To Move or Rename an Entry Using ldapmodify

This procedure uses the modify DN operation. Before starting this operation, ensure that you are familiar with the section Guidelines and Limitations for Using the Modify DN Operation.

For parts of this procedure, you can use DSCC to perform this task. For information, see Directory Service Control Center Interface and the DSCC online help. Other parts of the procedure can only be done using the command line.

When modifying the DNs of entries that are a uniquemember of a group, you must have the referential integrity plug-in enabled. Referential integrity ensures that the group members get adjusted when the entry is moved. For information about how to enable and configure the referential integrity plug-in, see To Configure the Referential Integrity Plug-In.

1. If you are moving an entry from one parent to another, extend ACI rights on the parent entries.

   • On the current parent entry of the entry to be moved, ensure that the ACI allows the export operations by using the syntax allow (export ...)

   • On the future parent entry of the entry to be moved, ensure that the ACI allows the import operations. by using the syntax allow (import ...)

   For information about using ACIs, see Chapter 6, Directory Server Access Control.

2. Ensure that the modify DN operation is enabled globally, or at least for the suffix or suffixes that will be affected by the move operation.

   To ensure compatibility with previous releases of Directory Server, the modify DN operation is not enabled by default.

   If you have already enabled the modify DN operation previously, go to the next step.

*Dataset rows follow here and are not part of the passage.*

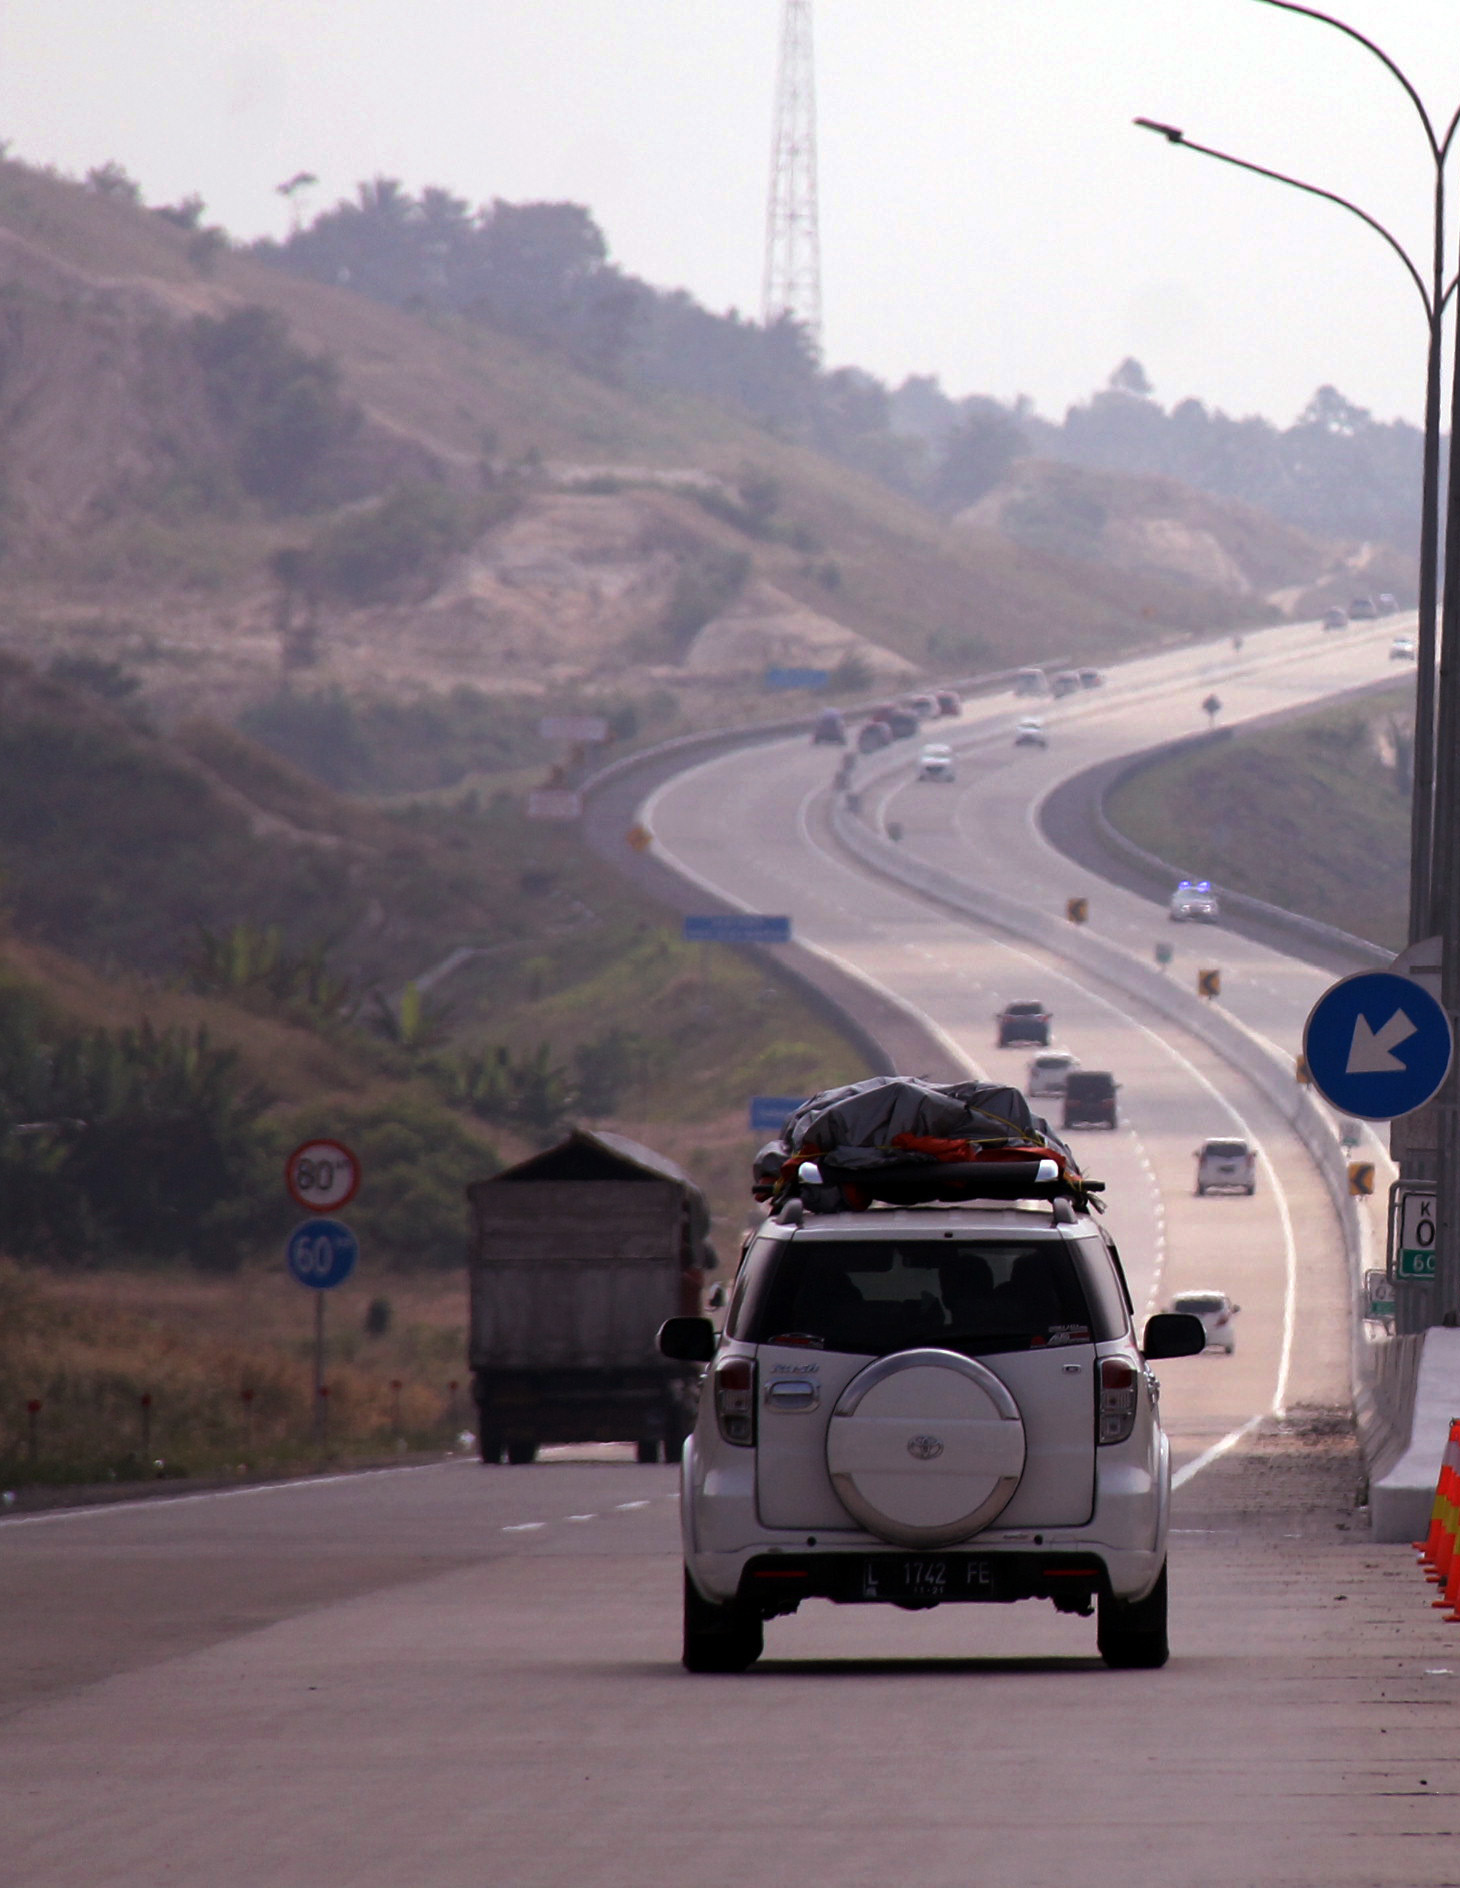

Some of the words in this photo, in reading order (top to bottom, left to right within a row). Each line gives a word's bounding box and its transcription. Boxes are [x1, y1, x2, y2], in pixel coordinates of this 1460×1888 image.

[297, 1157, 333, 1190] 80
[296, 1235, 333, 1276] 60
[868, 1563, 879, 1585] L
[904, 1562, 947, 1584] 1742
[967, 1561, 990, 1584] FE
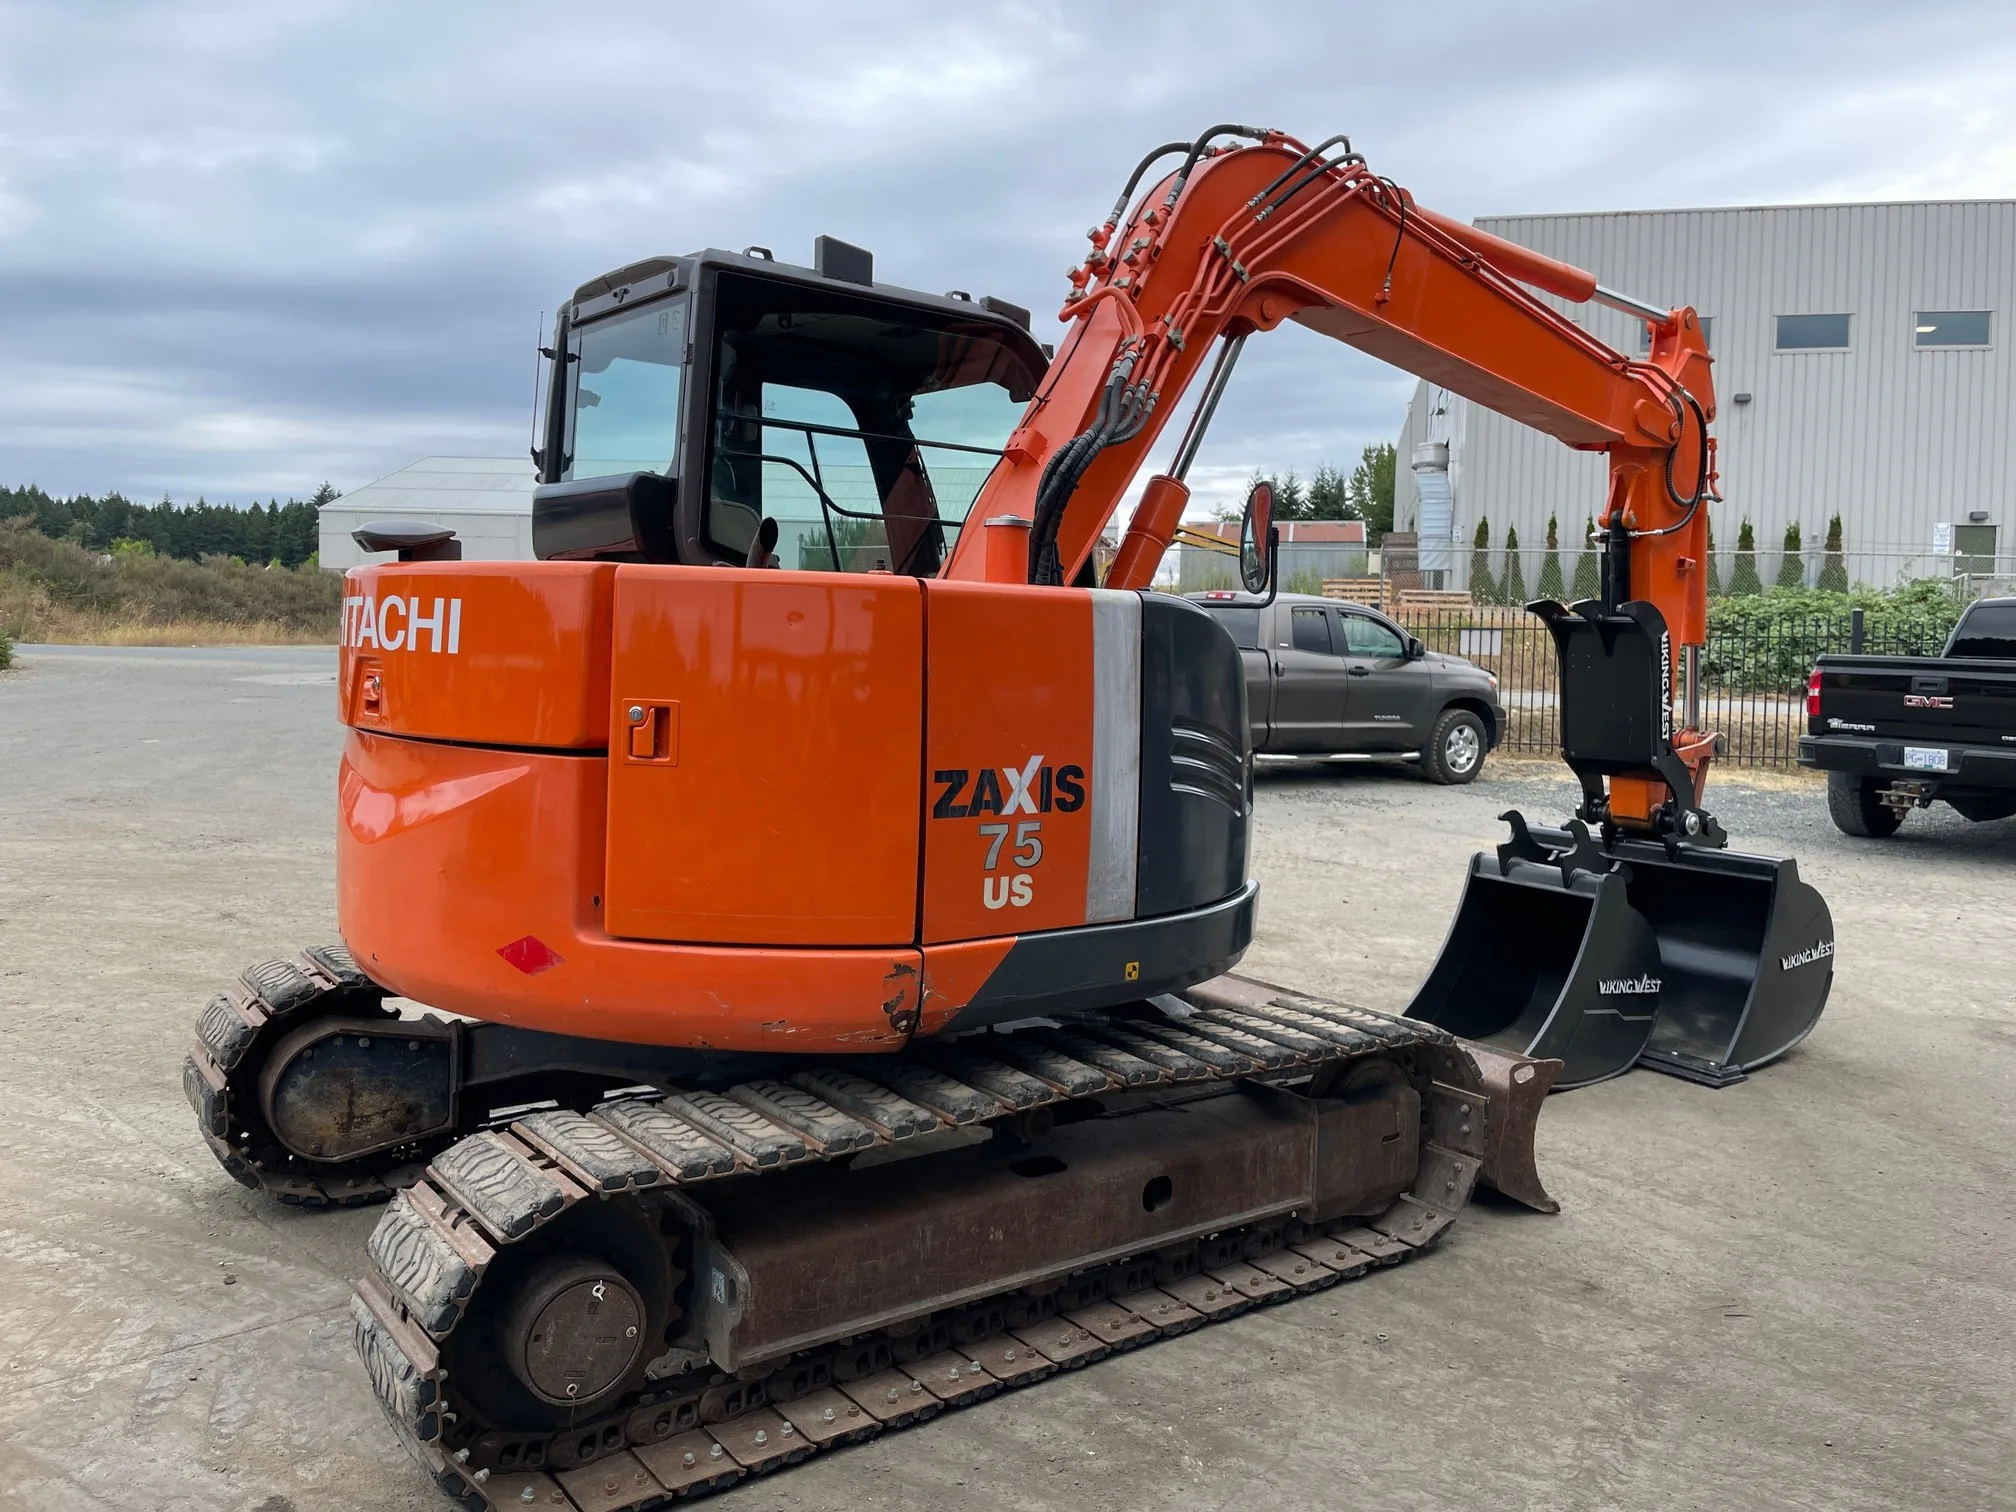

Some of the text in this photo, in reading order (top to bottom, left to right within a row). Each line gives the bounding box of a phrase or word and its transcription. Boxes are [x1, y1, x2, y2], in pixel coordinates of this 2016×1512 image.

[1904, 694, 1954, 709] GMC
[933, 754, 1085, 819] ZAXIS
[979, 821, 1044, 871] 75
[983, 873, 1033, 909] US
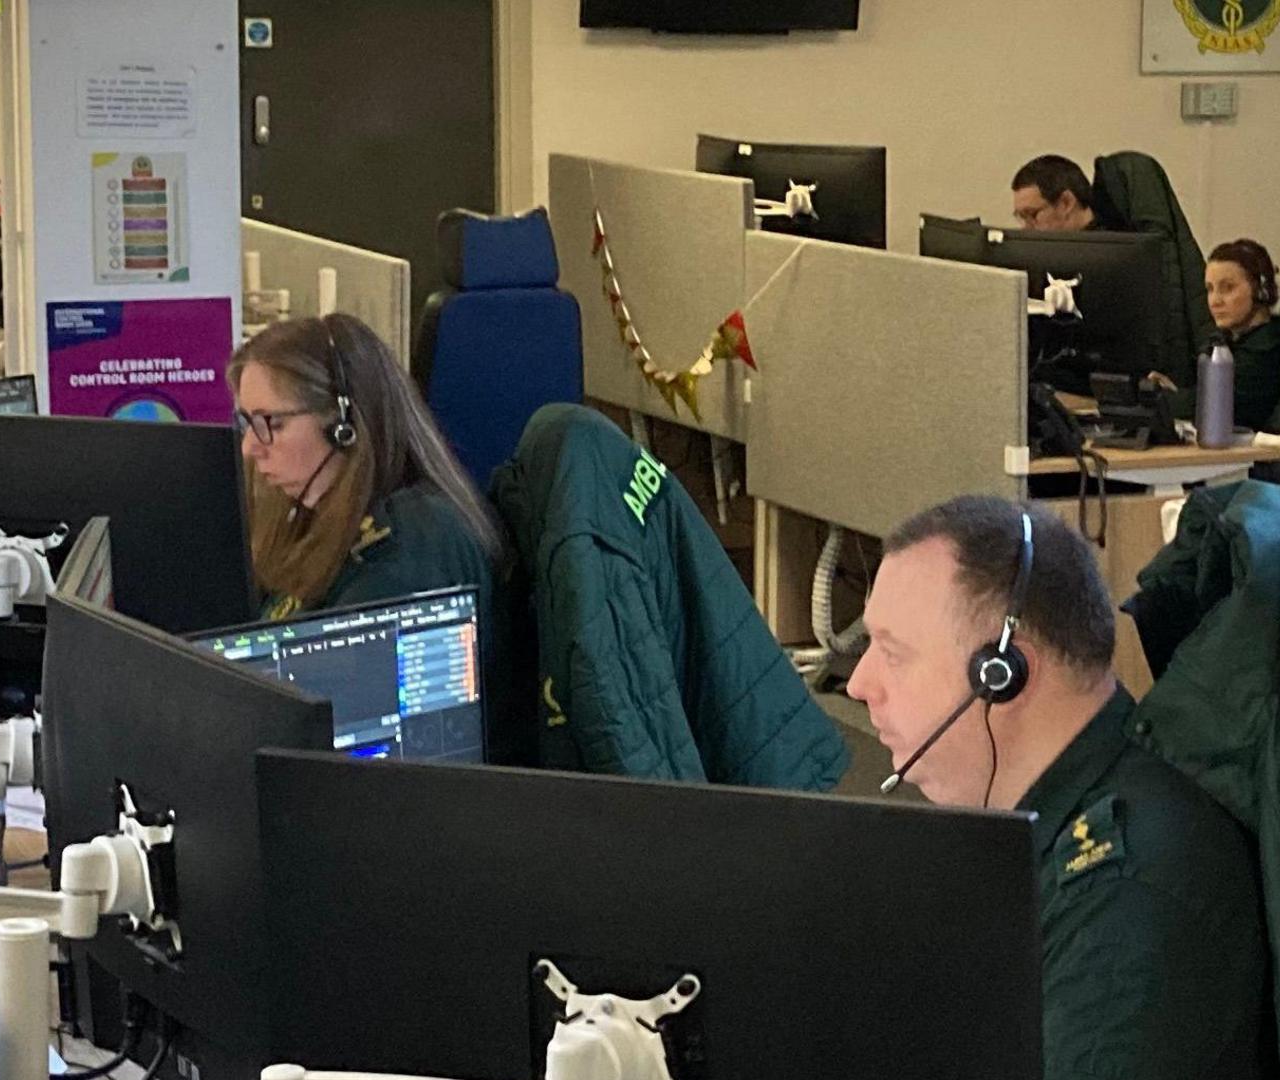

   To enable the modify DN operation globally for a server, use this command:

   $ dsconf set-server-prop -h host -p port moddn-enabled:on

3. Run the ldapmodify command.

   This step uses the modify DN operation. Do one of the following:

   • Move the entry.

     For example, the following command moves the entry uid=bjensen from the subtree for contractors, ou=Contractors,dc=example,dc=com to the subtree for employees, ou=People,dc=example,dc=com:

     $ ldapmodify -h host1 -p 1389 -D cn=admin,cn=Administrators,cn=config -w - Enter bind password: dn: uid=bjensen,ou=Contractors,dc=example,dc=com changetype: modrdn newrdn: uid=bjensen deleteoldrdn: 0 newsuperior: ou=People,dc=example,dc=com

   • Rename the entry.

     For example, the following command renames the entry uid=bbjensen to uid=bjensen:

     $ ldapmodify -h host1 -p 1389 -D cn=admin,cn=Administrators,cn=config -w - Enter bind password: dn: uid=bbjensen,ou=People,dc=example,dc=com changetype: modrdn newrdn: uid=bjensen deleteoldrdn: 1

   Pay attention to the following attributes when writing the LDIF statement:

   • dn - Specifies the entry to rename or move.

   • changetype: modrdn - Specifies that a modify DN operation is to be used.

   • newrdn - Gives the new naming attribute.

   • deleteoldrdn - Indicates whether the previous naming attribute should be removed from the entry (1 is yes, 0 is no).

     Note that you cannot remove a naming attribute from the entry if that attribute is obligatory in the entry definition.

   • newsuperior - Specifies the new superior attribute of the entry.

   For information about the ldapmodify command and its options, see the ldapmodify(1) man page.

4. If you encounter resource limit errors when moving or renaming subtrees that contain a large number of entries, increase the number of locks that can be used by the database.

   $ dsconf set-server-prop -h host -p port db-lock-count:value

   If you modify this property, you must restart the server for the change to take effect.